Let $\phi\in D(\Omega)$ and $f\in D'(\Omega)$. If $\phi$ is $0$ in a neighbourhood of $\operatorname{supp}(f)$, then how will we prove that $\langle f, \phi \rangle$ is also $0$? Will it be sufficient if $\phi$ vanishes on $\operatorname{supp}(f)$?
Definition of $\operatorname{supp}(f)$:
Let $f$ be a distribution, and $U$ an open set in $\Bbb R^n$ such that, for all test functions $\phi$ with the support of $\phi$ contained in $U$, $f(\phi) = 0$. Then $f$ is said to vanish on $U$. Hence we can define the support of $f$ as the complement of the largest open set on which $f$ vanishes.

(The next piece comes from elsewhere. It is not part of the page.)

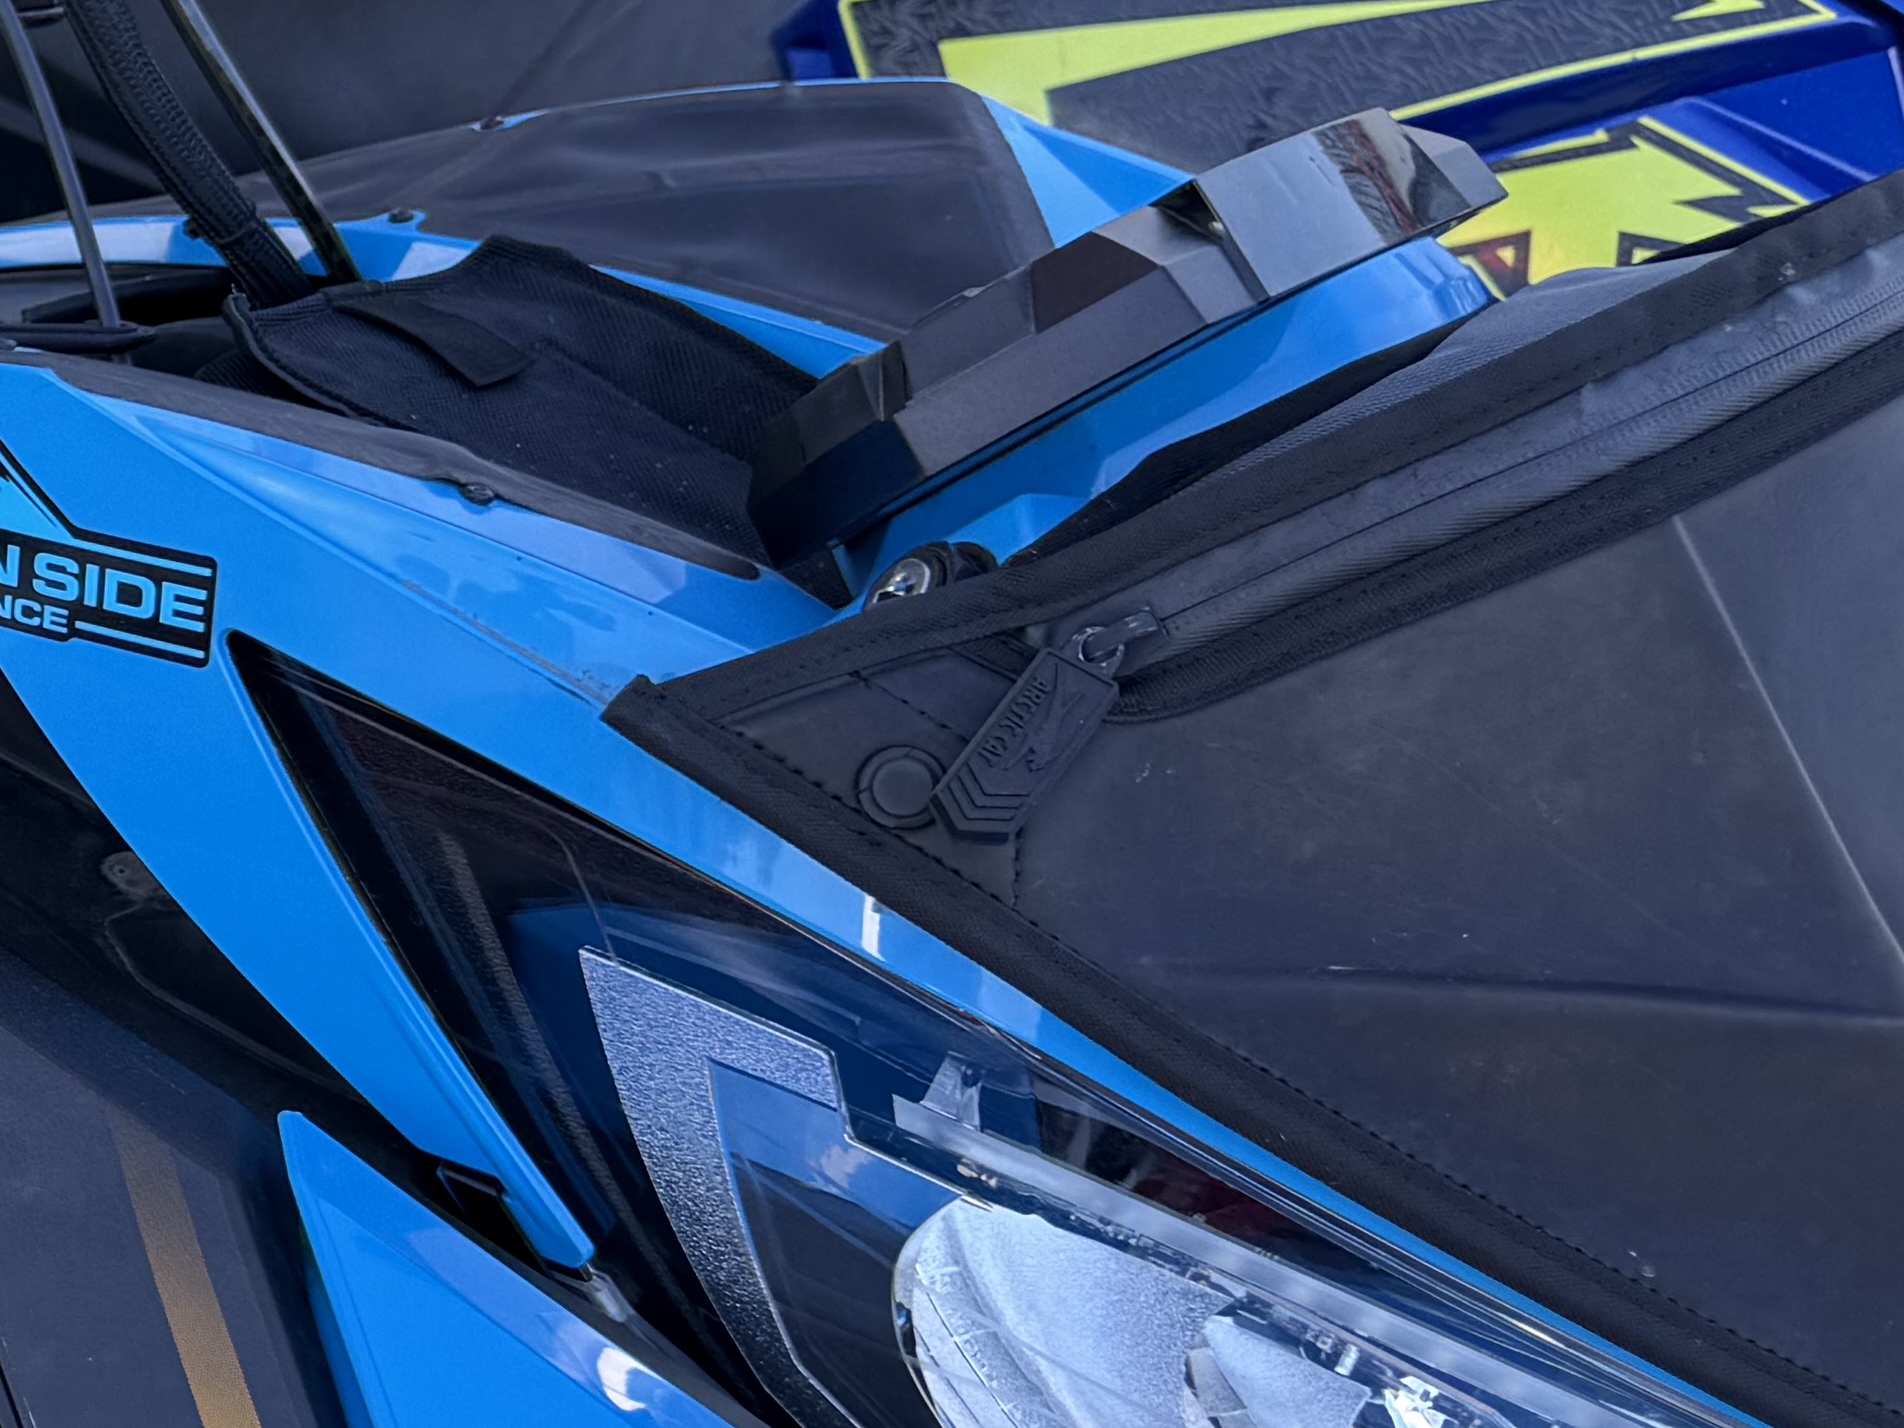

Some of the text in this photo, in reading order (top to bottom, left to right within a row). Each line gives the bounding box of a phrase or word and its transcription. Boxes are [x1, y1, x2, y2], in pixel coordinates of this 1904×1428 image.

Alternatively, we can say $\operatorname{supp}(f)$ is the subset of $\Bbb R^n$ such that $x \in \operatorname{supp}(f)$, if and only if for all neighbourhoods $\mathcal U$ of $x$, there is $\phi \in D(\mathcal U)$ such that $\langle f, \phi\rangle \neq 0$.
If $\phi$ vanishes only on $\operatorname{supp } f$, then this is not true anymore: Let $f=\delta'$ and and $\phi\in C_c(\mathbb{R})$ with $\phi(x)=x$ for $|x|\leq 1$. Then $\phi(0)=0$, but $f(\phi)= -\phi'(0) = -1$.